:: Entries supplied

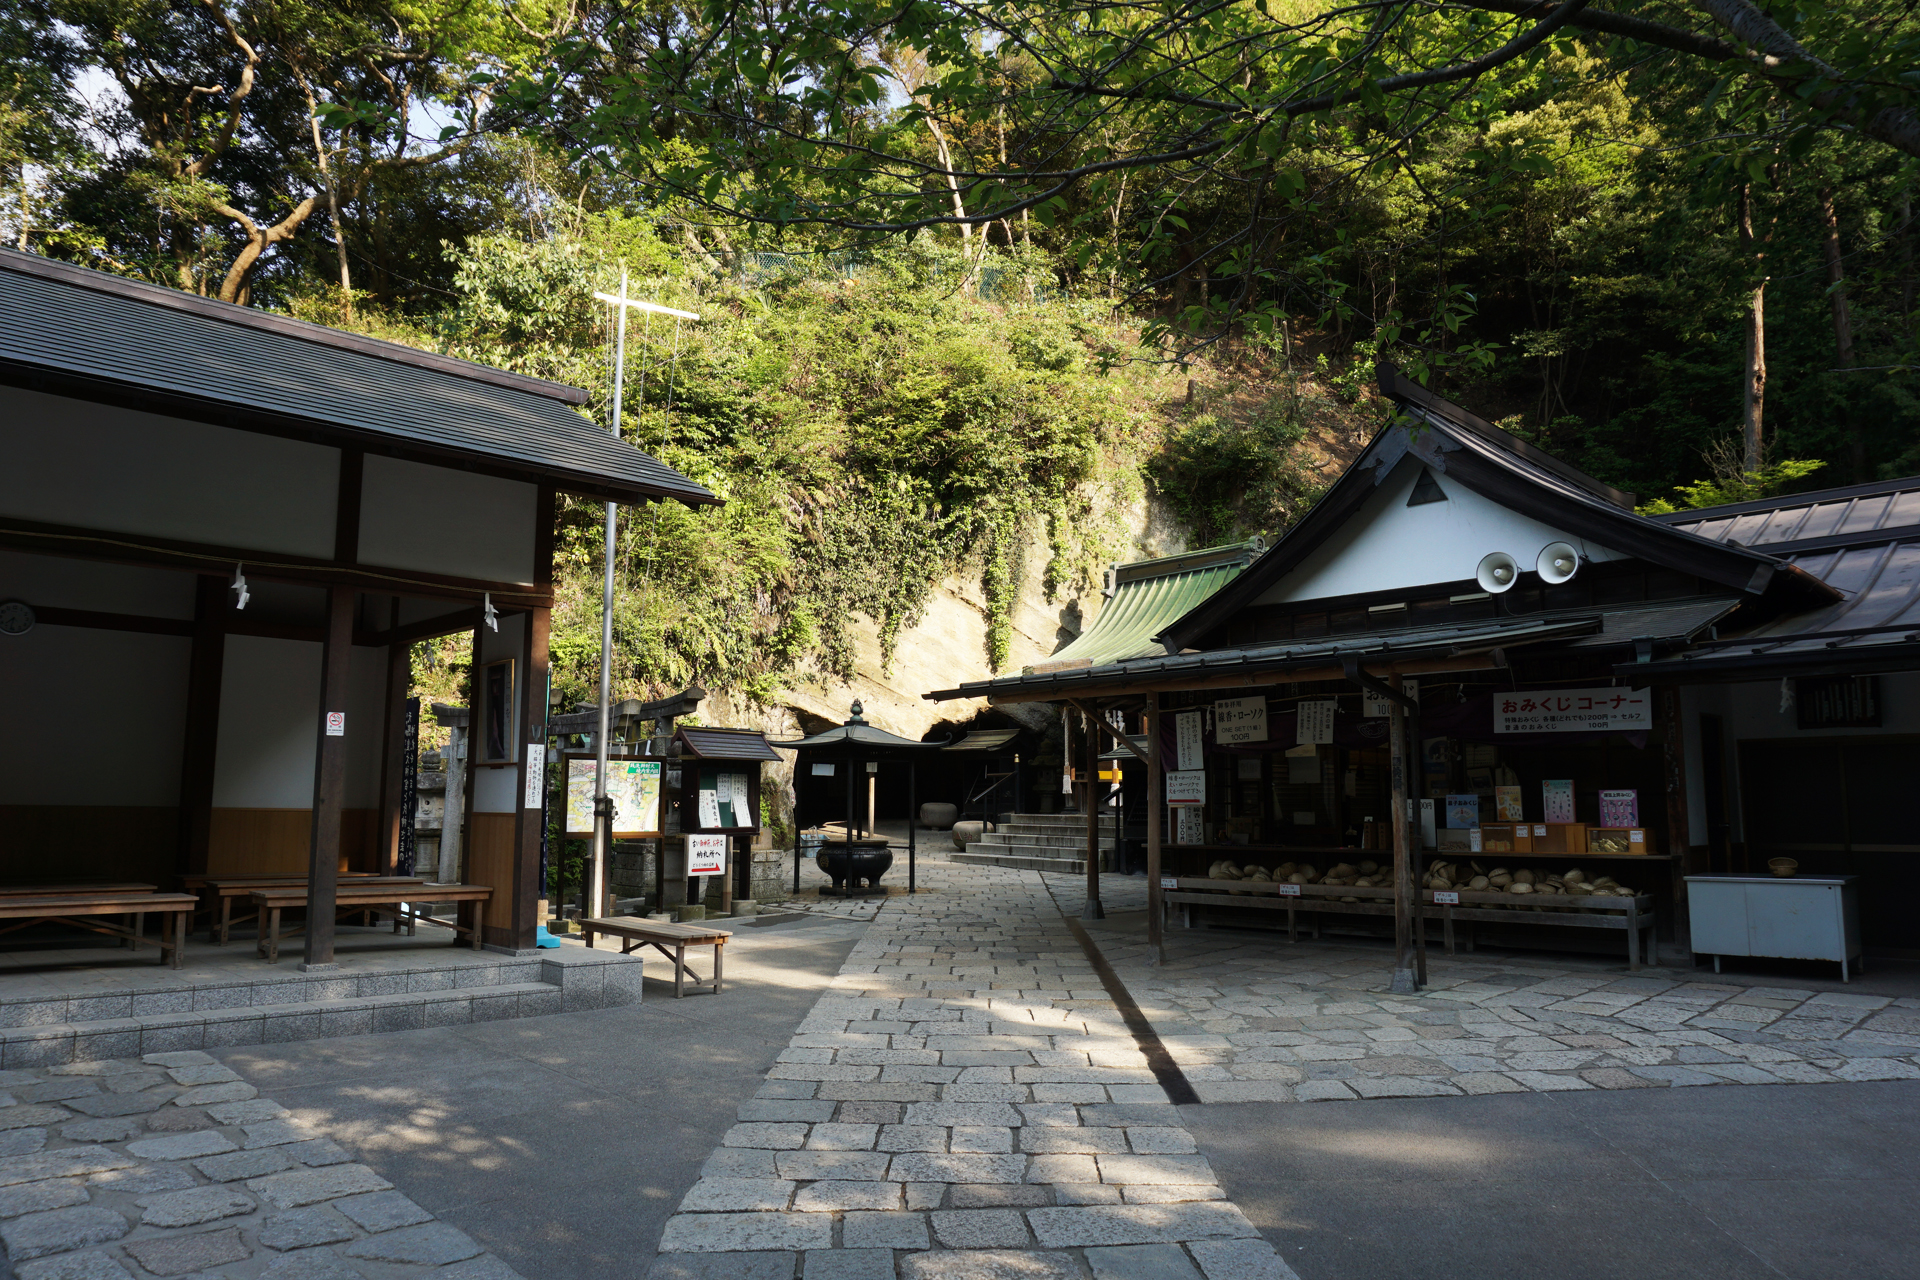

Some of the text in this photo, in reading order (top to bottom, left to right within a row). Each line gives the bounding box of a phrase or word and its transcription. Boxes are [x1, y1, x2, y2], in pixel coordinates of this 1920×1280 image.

[1502, 694, 1643, 714] おみくじ コーナー
[1218, 708, 1264, 723] 線香・ローソク
[1505, 723, 1557, 731] 普通のおみくじ
[1230, 733, 1250, 741] 100円
[1193, 806, 1202, 844] 線香・ローソク
[696, 850, 721, 859] 納札所へ
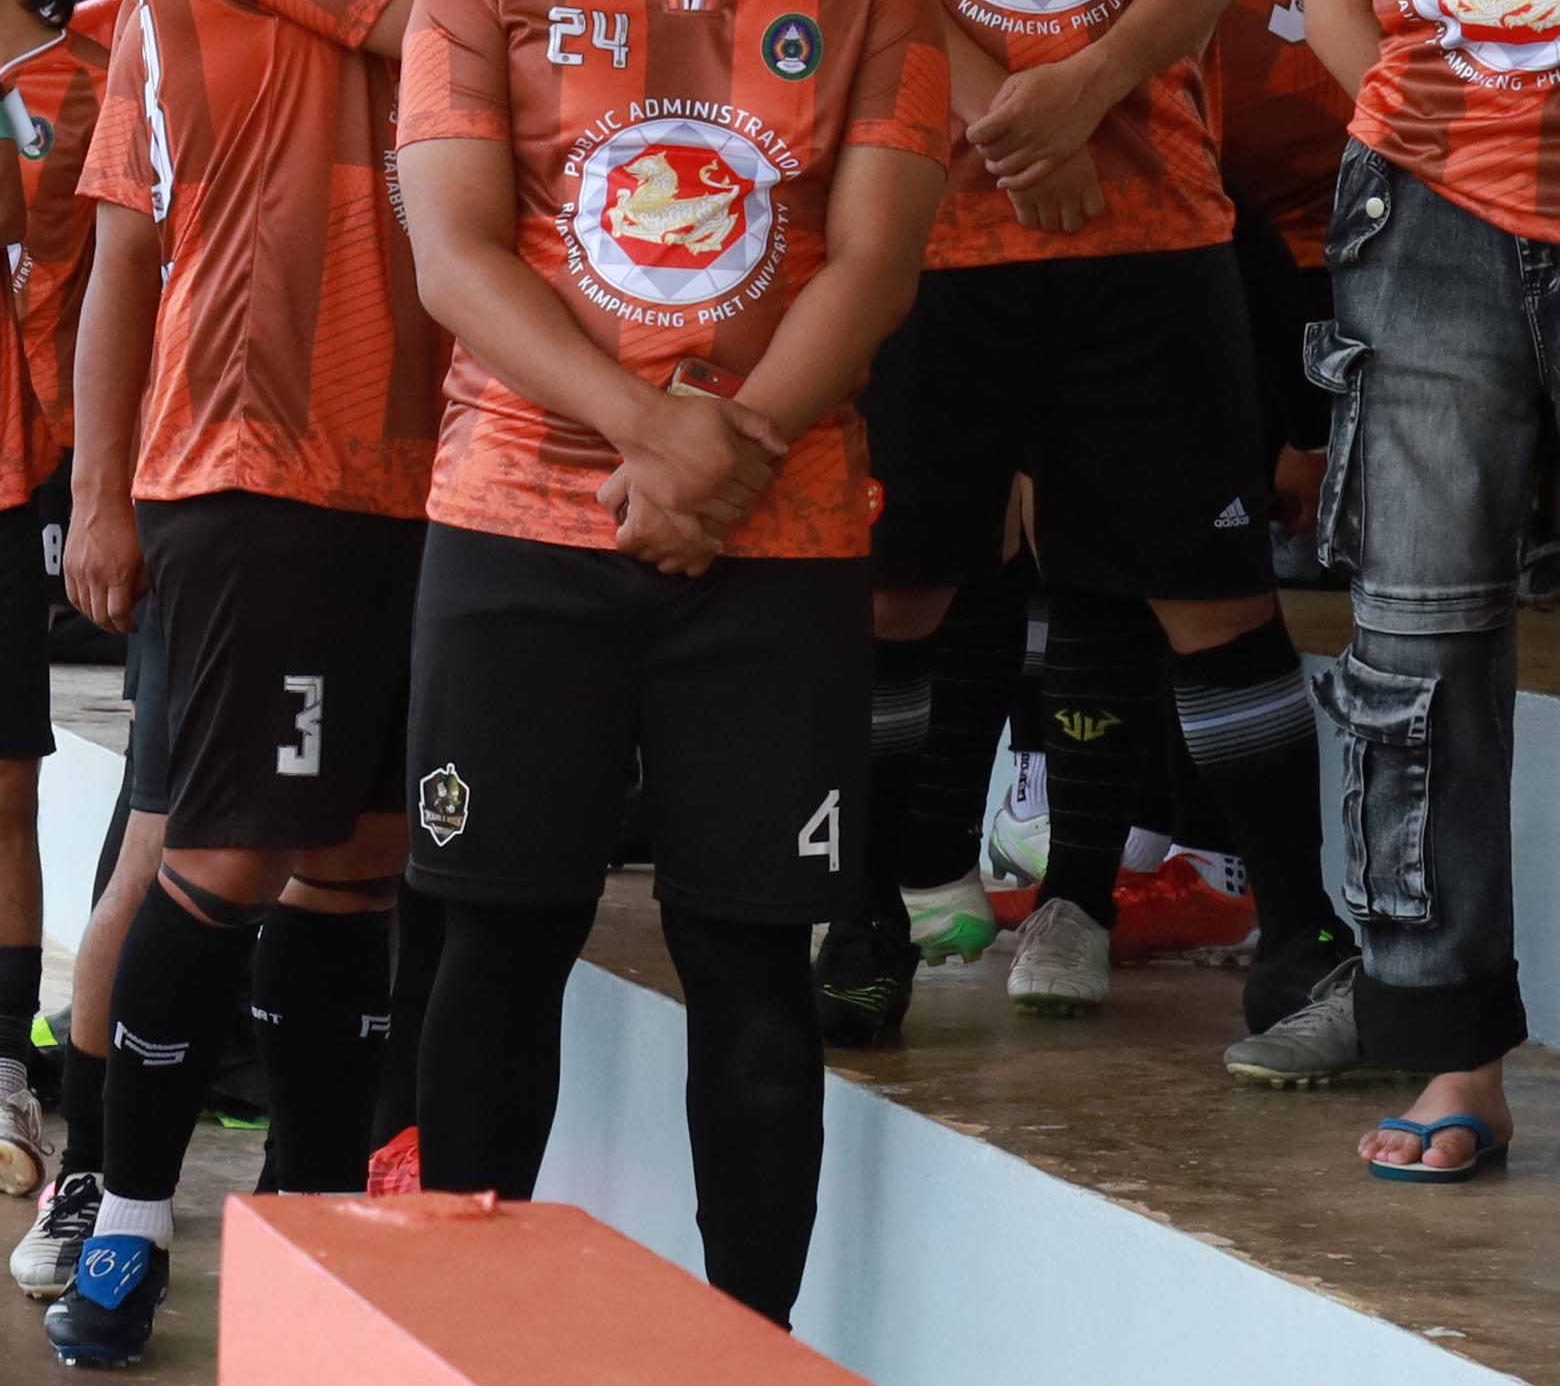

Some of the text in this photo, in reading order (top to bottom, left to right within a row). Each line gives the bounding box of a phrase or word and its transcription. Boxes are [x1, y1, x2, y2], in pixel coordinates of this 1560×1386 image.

[547, 6, 629, 68] 24
[1072, 3, 1108, 29] PHET
[564, 98, 802, 182] PUBLIC ADMINISTRATION
[578, 275, 685, 327] KAMPHAENG
[698, 297, 745, 323] PHET
[749, 203, 789, 299] UNIVERSITY
[1214, 515, 1249, 527] adidas
[277, 675, 324, 776] 3
[798, 789, 840, 872] 4
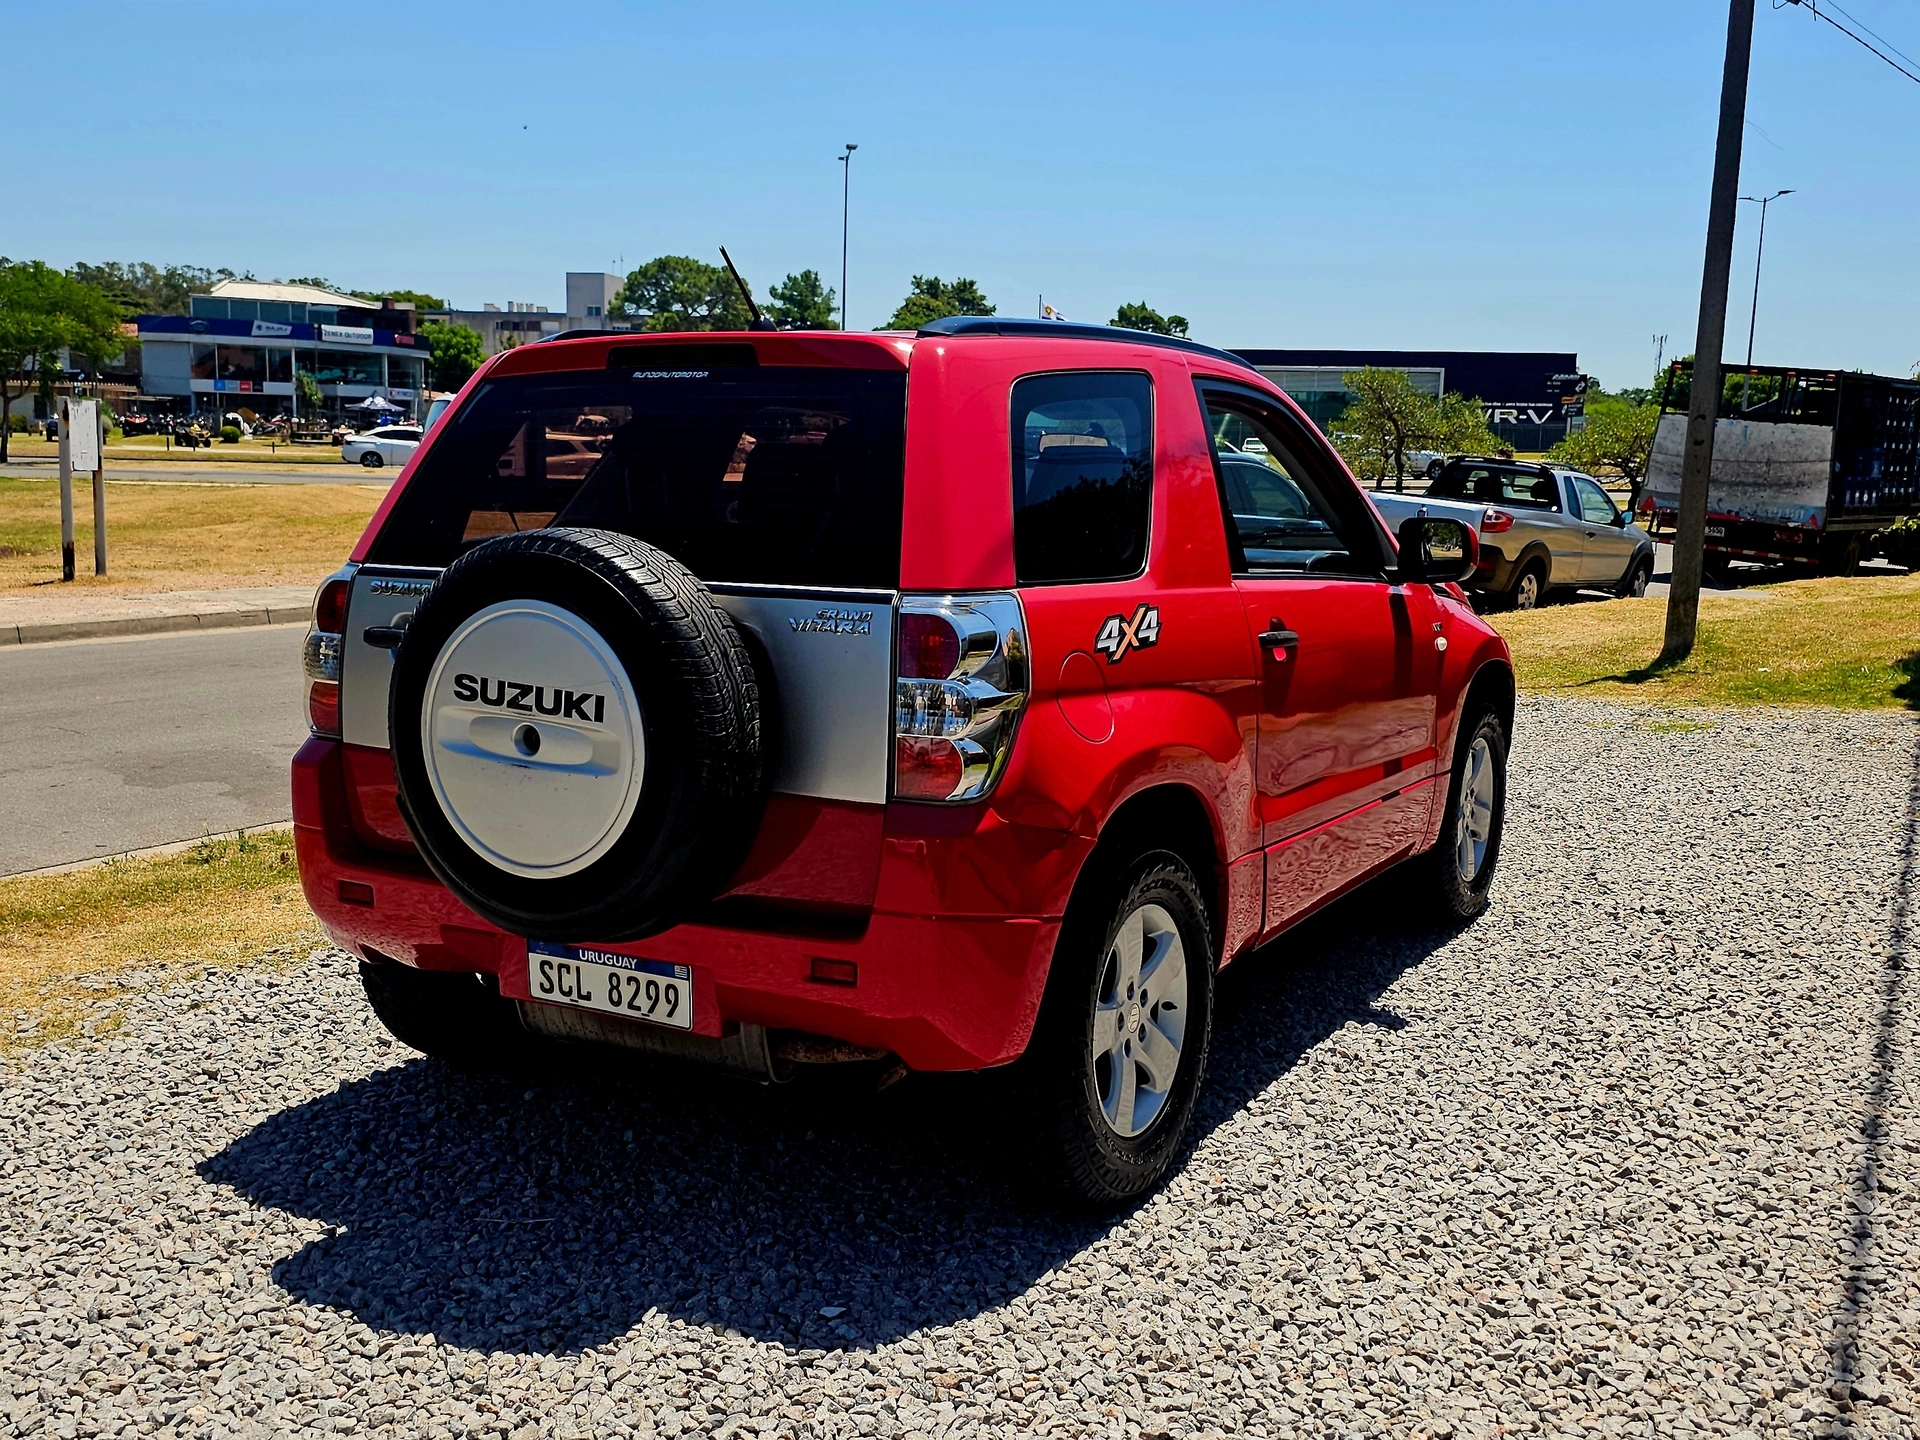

::::

**Problem to solve**
From the material above, copy everything exactly but the pictures.

**Task result**
Some of the text in this photo, in reading order (top to bottom, left to right within a row). Each line gives the bounding box of a phrase or word and its transcription. Boxes are [x1, y1, x2, y2], in pixel coordinates of this 1920×1280 image.

[1502, 694, 1643, 714] おみくじ コーナー
[1218, 708, 1264, 723] 線香・ローソク
[1505, 723, 1557, 731] 普通のおみくじ
[1230, 733, 1250, 741] 100円
[1193, 806, 1202, 844] 線香・ローソク
[696, 850, 721, 859] 納札所へ

Some of the text in this photo, in reading order (top to bottom, left to right within a row). Each line gives the bounding box of a phrase or word and its transcription. Boxes are [x1, y1, x2, y2], in pixel coordinates of this 1560×1386 image.

[547, 6, 629, 68] 24
[1072, 3, 1108, 29] PHET
[564, 98, 802, 182] PUBLIC ADMINISTRATION
[578, 275, 685, 327] KAMPHAENG
[698, 297, 745, 323] PHET
[749, 203, 789, 299] UNIVERSITY
[1214, 515, 1249, 527] adidas
[277, 675, 324, 776] 3
[798, 789, 840, 872] 4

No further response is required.